Scenes of gluttony, greed and guilt overlap those forming and breaking relationships — with others and themselves. Solitary and randomly picked words, alphabets and sentences spring up from nowhere. Soon, images and words get mixed up revealing new and often inexplicable sights and meanings. Timing is critical; lines, objects and sounds move forward and backward quickly and mysteriously.

Through these images — deliberately kept smoky, confusing but emphatic — Kentridge guides the viewer into a powerful, lingering perspective of South African life, politics and society. Love, fears, memories and associations are linked to a fast-changing narrative where uncertainties of the times are glimpsed upon. “I think that a lot of my work is trying to mine a childhood set of responses to the world. The first time you see a picture of violence,  there is a kind of shock that you don’t get once you’ve seen thousands of pictures (on, say, the television). I think part of the images of drawing backwards in time has to do with trying to capture a different way of seeing.”

While the stories that emerge in Kentridge’s work appear, in turns, real, unreal and surreal, there are no specific questions asked, answers given or slogans raised. In short, they are momentary but unyielding and derisive nuggets of the world around and the world often unnoticed. “This is what the artist does: takes the fragments, the shards, and rearranges them,” says Kentridge. “The meaning is always a construction, a projection, and not an edifice, something to be made, and not found. There is always a radical incoherence and radical instability.”

Deceptively simple

A master of repetition, juxtapositions and unlikely collisions, Kentridge sticks to black and white sketches, very rarely adding a dash of blue or red to his work. “Charcoal drawing is much closer to writing than to painting; it is like writing in a shorthand of images... Colour always slows me down.” For all the themes they address and velocity they create, Kentridge’s drawings on sheets of old books as well as films and animations are deceptively simple to look at. On the face of it, they look dark, imprecise, rushed and unkempt, with no well-defined details except for swirling lines and moving shadows. They also look desperate even as they harvest a stream of seemingly disparate elements and disappearing thoughts poetically.

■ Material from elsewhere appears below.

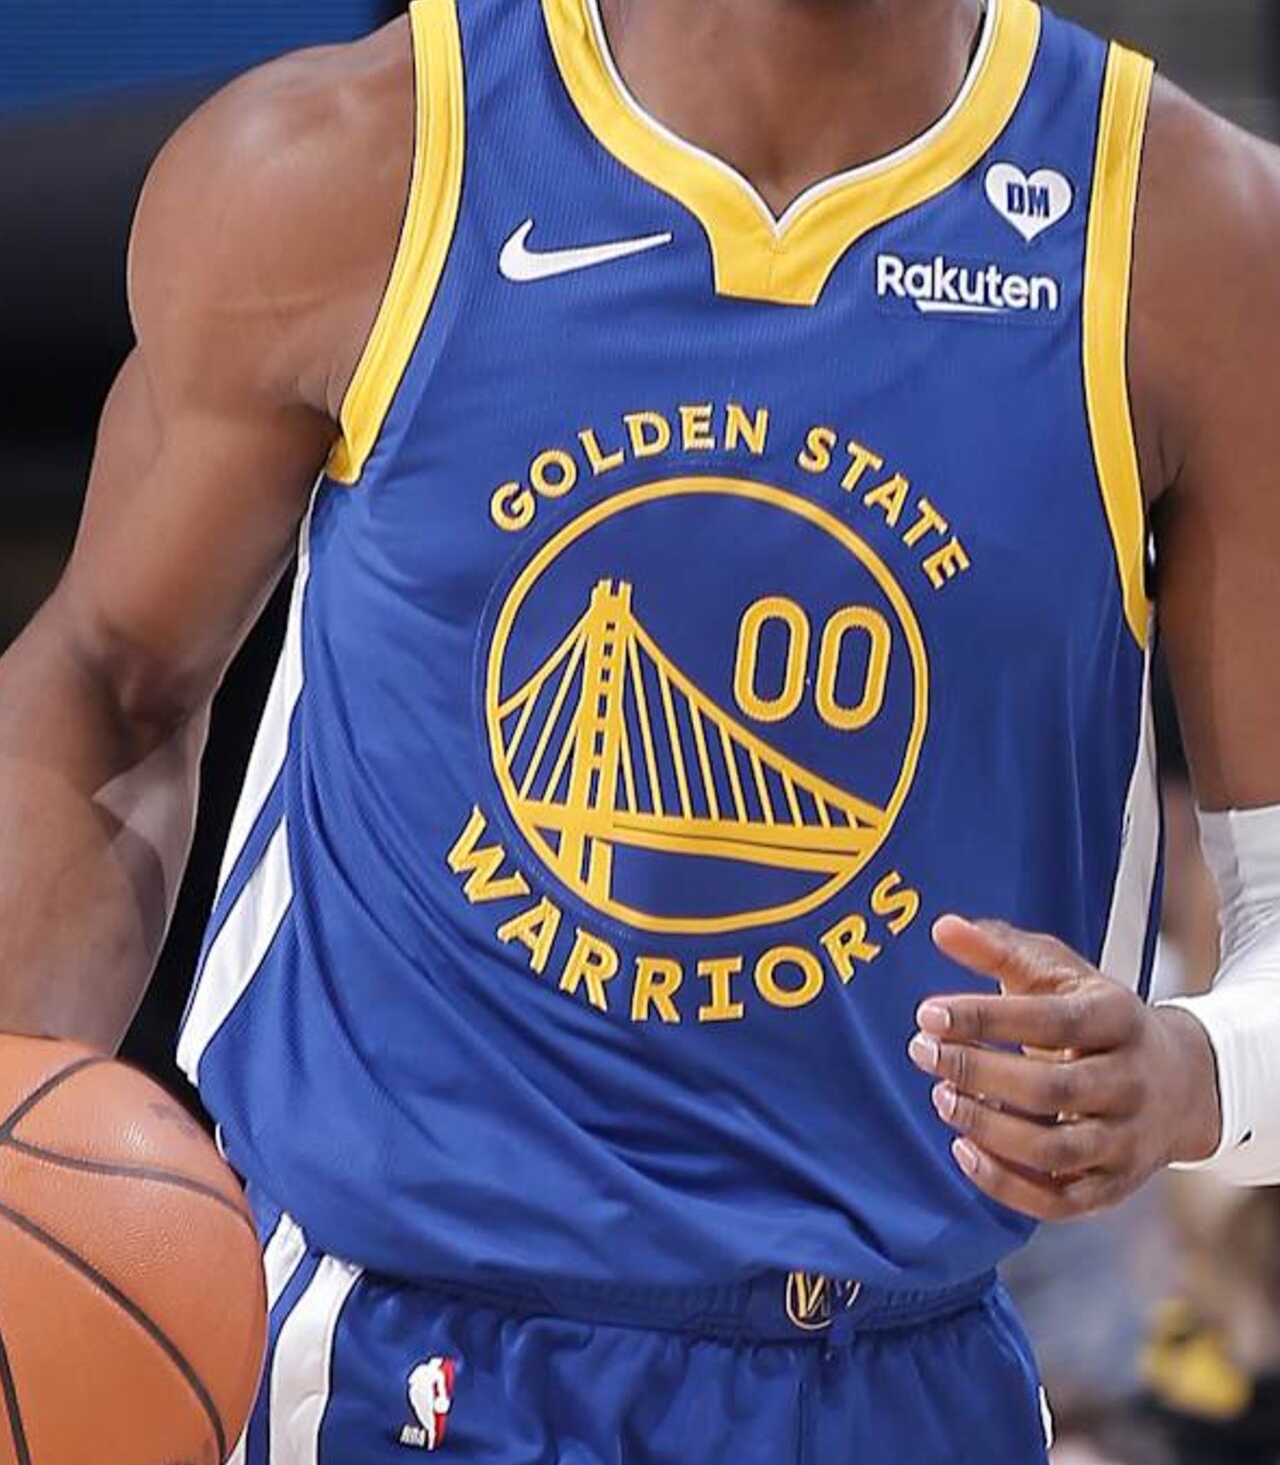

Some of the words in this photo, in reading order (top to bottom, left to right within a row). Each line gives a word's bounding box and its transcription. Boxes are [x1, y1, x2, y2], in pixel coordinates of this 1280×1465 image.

Kentridge’s films and animations involve intensive labour. “It takes a long time because there is no script or storyboard — the ideas are worked out in the making. Sometimes during the construction of the work, most of the initial work gets abandoned.”

Recurring feature

For each film Kentridge makes 20 to 40 drawings, which undergo continual accumulation, transformation and removal. The gloomy and often scary landscape around Johannesburg is a recurrent feature in his work, revealing the uncertain future of the city. “I am interested in the non-picturesque. Landscape is one element of the work I do. Landscape around Johannesburg is like a black and white drawing. It is not lush. It is sort of dumb, stupid, brute and stubborn…”

While life and landscape outside provides him the creative fodder, it is the studio which is actually the central space for thinking, experimenting and discovery. Kentridge believes that life in the studio gives him the license to make mistakes, take risks, embrace uncertainties and be wrong in pursuit of creative solutions. “I would repeat my trust in the contingent, the inauthentic, the whim, the practical, as strategies for finding meaning. I would repeat my mistrust in the worth of ‘good ideas’. And state a belief that somewhere between relying on pure chance on the one hand, and the execution of a programme on the other, lies the most uncertain but the most fertile ground for the work we do.”